2.6 Simulation of internal loads
The key internal loads are lighting and office equipment. Overnight energy use of these systems can
severely affect all rating types. It is essential to model this realistically rather than on the basis of
idealized habits. Refer to Section 5 for default figures to be used if no information on the proposed
internal loads is available and when simulating for the purposes of a Green Star rating. However, in all
cases, consideration is to be given to the factors below:
2.6.1 Lighting Power Density
The installed lighting power shall be assessed from the reverse ceiling plans for the tenancy. If the tenant fitout is
unknown, allowance should be made for the possible increase in lighting power density caused by the fitout.
The power consumption used for individual fittings shall include the power consumption of the lamp plus any
associated control gear and transformers. The total circuit watts of these components should be confirmed by
manufacturers’ data or by in-situ measurement.
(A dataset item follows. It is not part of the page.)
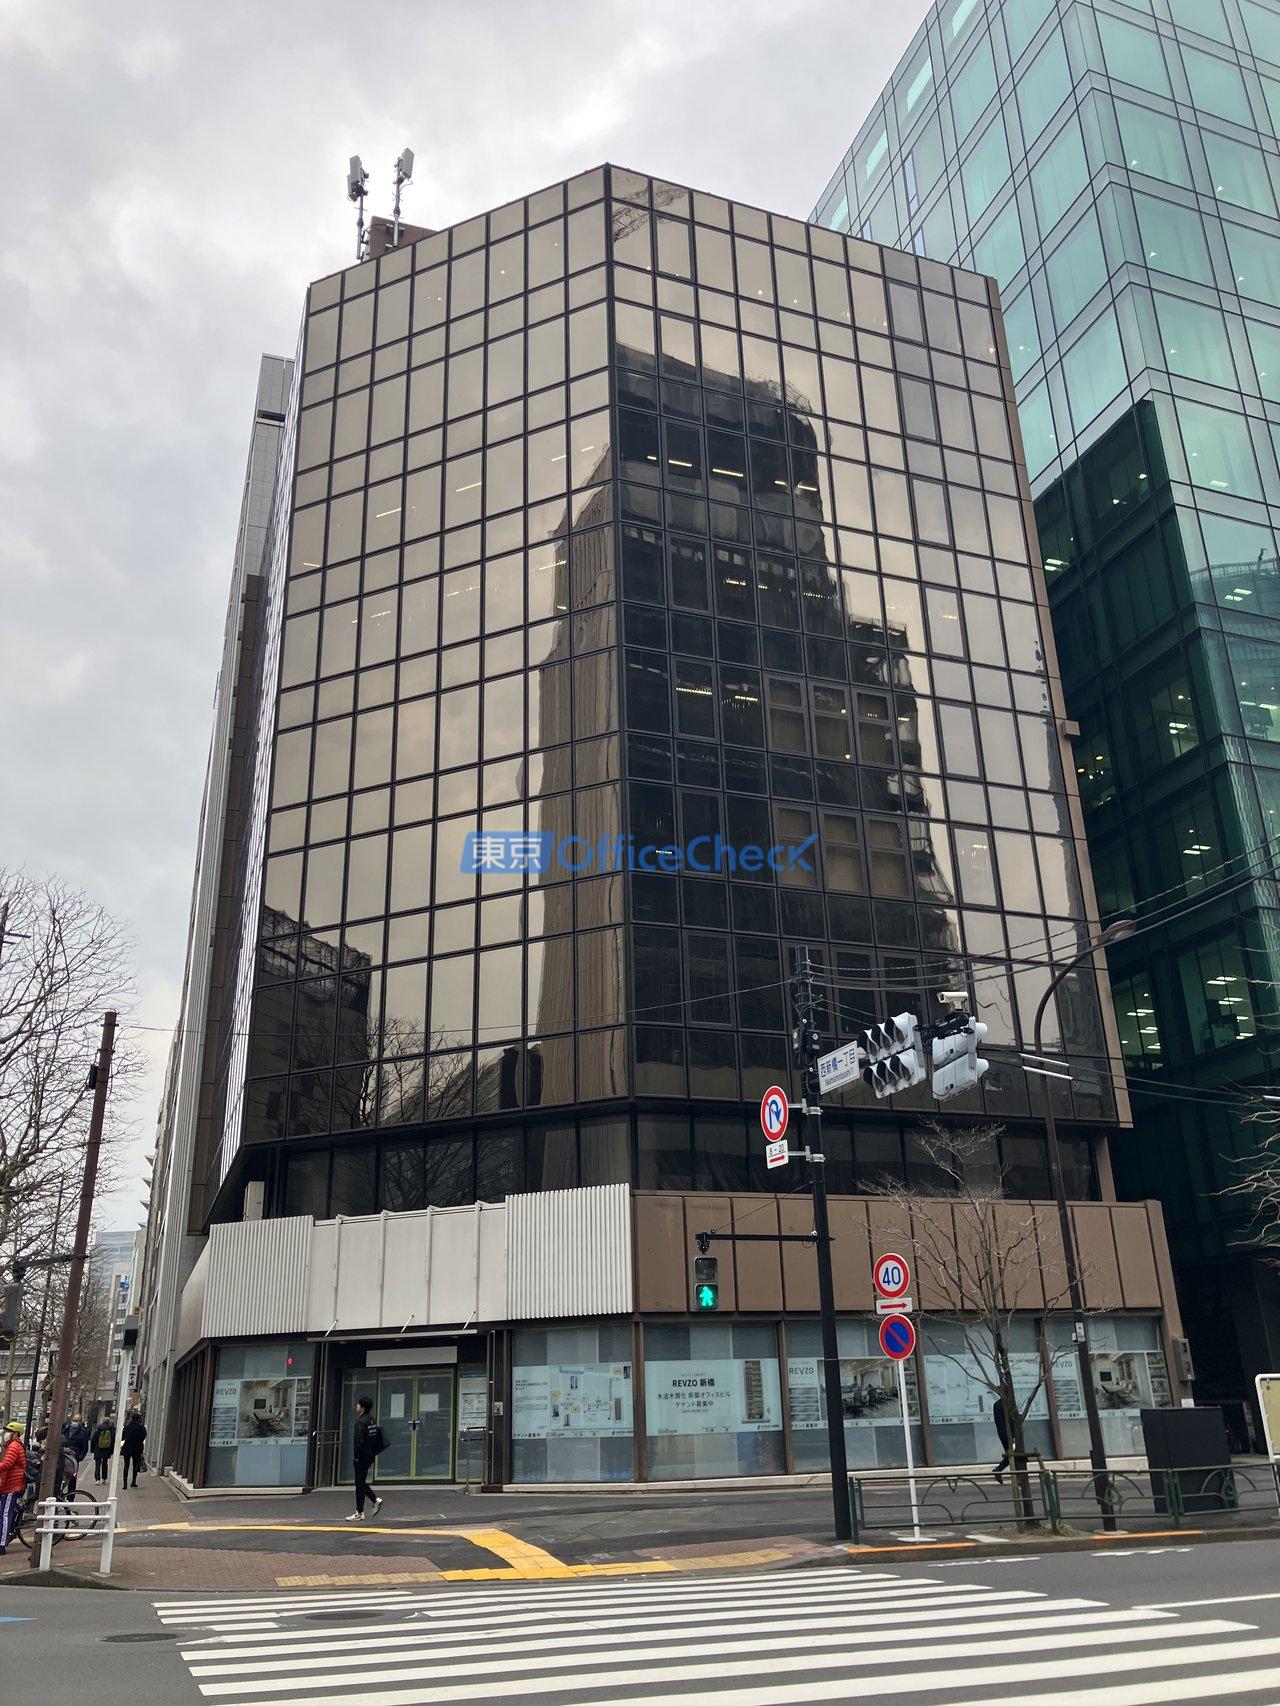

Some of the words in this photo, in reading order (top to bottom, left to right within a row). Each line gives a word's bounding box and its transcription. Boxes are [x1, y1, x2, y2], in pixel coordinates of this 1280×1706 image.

Toilets, lift lobbies, plant rooms and foyers are to be represented with different lighting power density levels
(providing this is true in reality).
2.6.2 Lighting Hours of Use
Overnight lighting energy use can severely impact upon the total energy use of a building. The lighting schedule
should be chosen to represent the expected operating patterns for the tenancy. Such patterns may reasonably be
derived by enquiry into the operating patterns of the tenants in their previous tenancy, if the switching technologies
are similar. If such operating patterns are not known, then the default schedules provided with this document may
be used and/or the defaults provided below used to assist in developing a probable pattern. Modellers are advised
to give particular consideration of the after hours operation of lights.
Consideration of cleaner’s hours is recommended as these can have a strong effect on the lighting hours. Careful
consideration should be given to the likely interaction of the operation of cleaners with the proposed lighting
controls.
2.6.3 Lighting Controls
Lighting controls are to be modelled realistically. Most simulation models have the ability to model
daylighting controls; if this is not the case then either this function is not to be modelled, a different
simulation model is to be chosen or a detailed and separate assessment of daylighting effects undertaken
and incorporated into the model. Occupancy detector systems will require some judgement in their
modelling. A conservative assessment would make little allowance for savings during the day but would
still recognize the economies at the beginning and the end of the day. The default methodology provides
some additional methodologies which may be used to assist in this process.
2.6.4 Equipment Loads
If the tenant fitout is known, the loads should be modelled to represent the actual loads in the site.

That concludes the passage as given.